┌────────

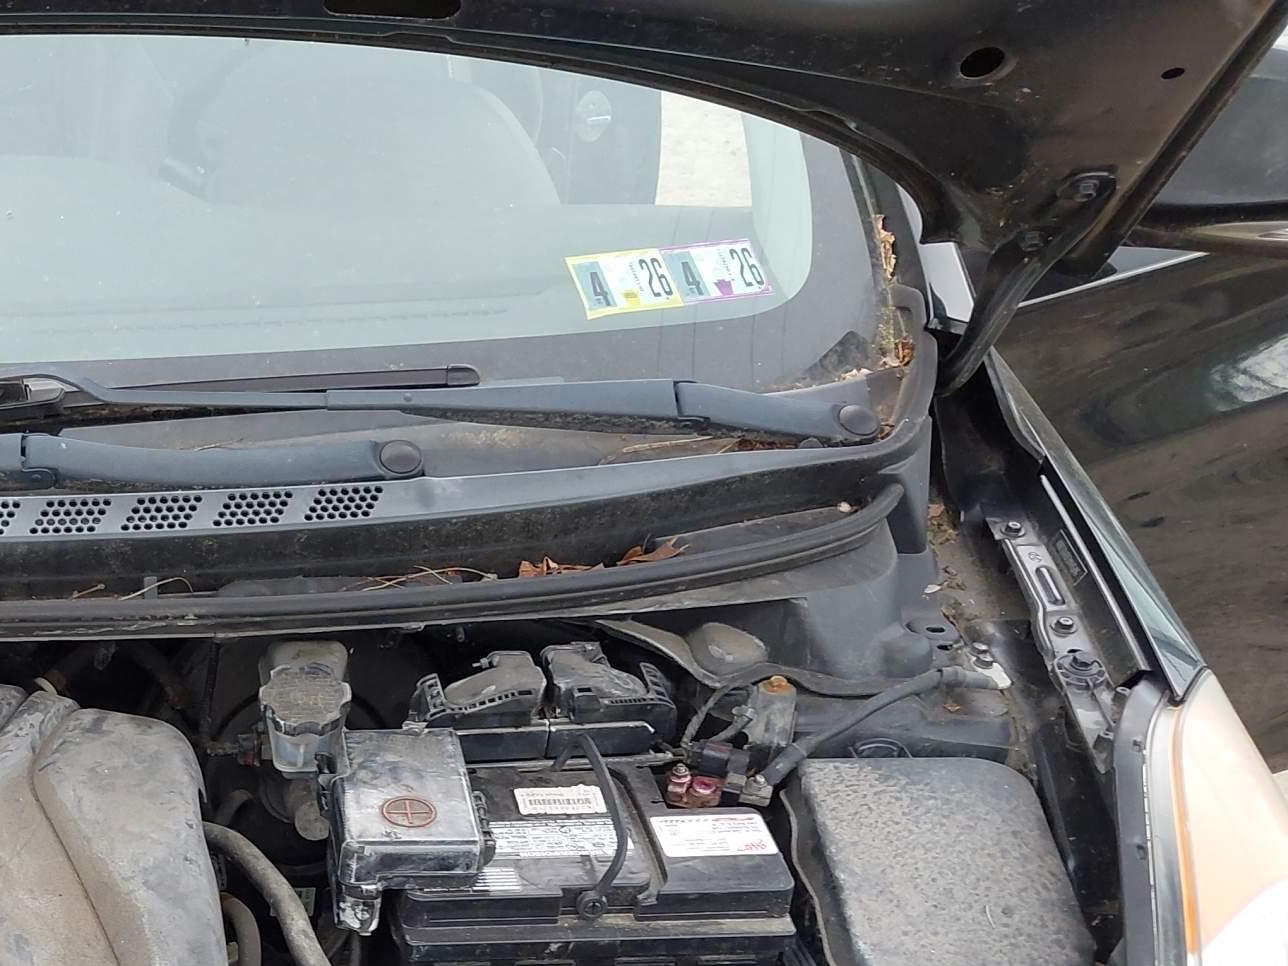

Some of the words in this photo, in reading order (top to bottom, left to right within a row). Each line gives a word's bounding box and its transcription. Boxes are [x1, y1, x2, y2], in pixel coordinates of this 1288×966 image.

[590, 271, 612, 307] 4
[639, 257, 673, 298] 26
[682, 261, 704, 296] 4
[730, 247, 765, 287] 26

└────────

[Exercise]
Give back the records above word for word, minus any image they hold.

[Your solution]
Some of the words in this photo, in reading order (top to bottom, left to right within a row). Each line gives a word's bounding box and its transcription. Boxes are [x1, y1, x2, y2], in pixel coordinates of this 1288×966 image.

[590, 271, 612, 307] 4
[639, 257, 673, 298] 26
[682, 261, 704, 296] 4
[730, 247, 765, 287] 26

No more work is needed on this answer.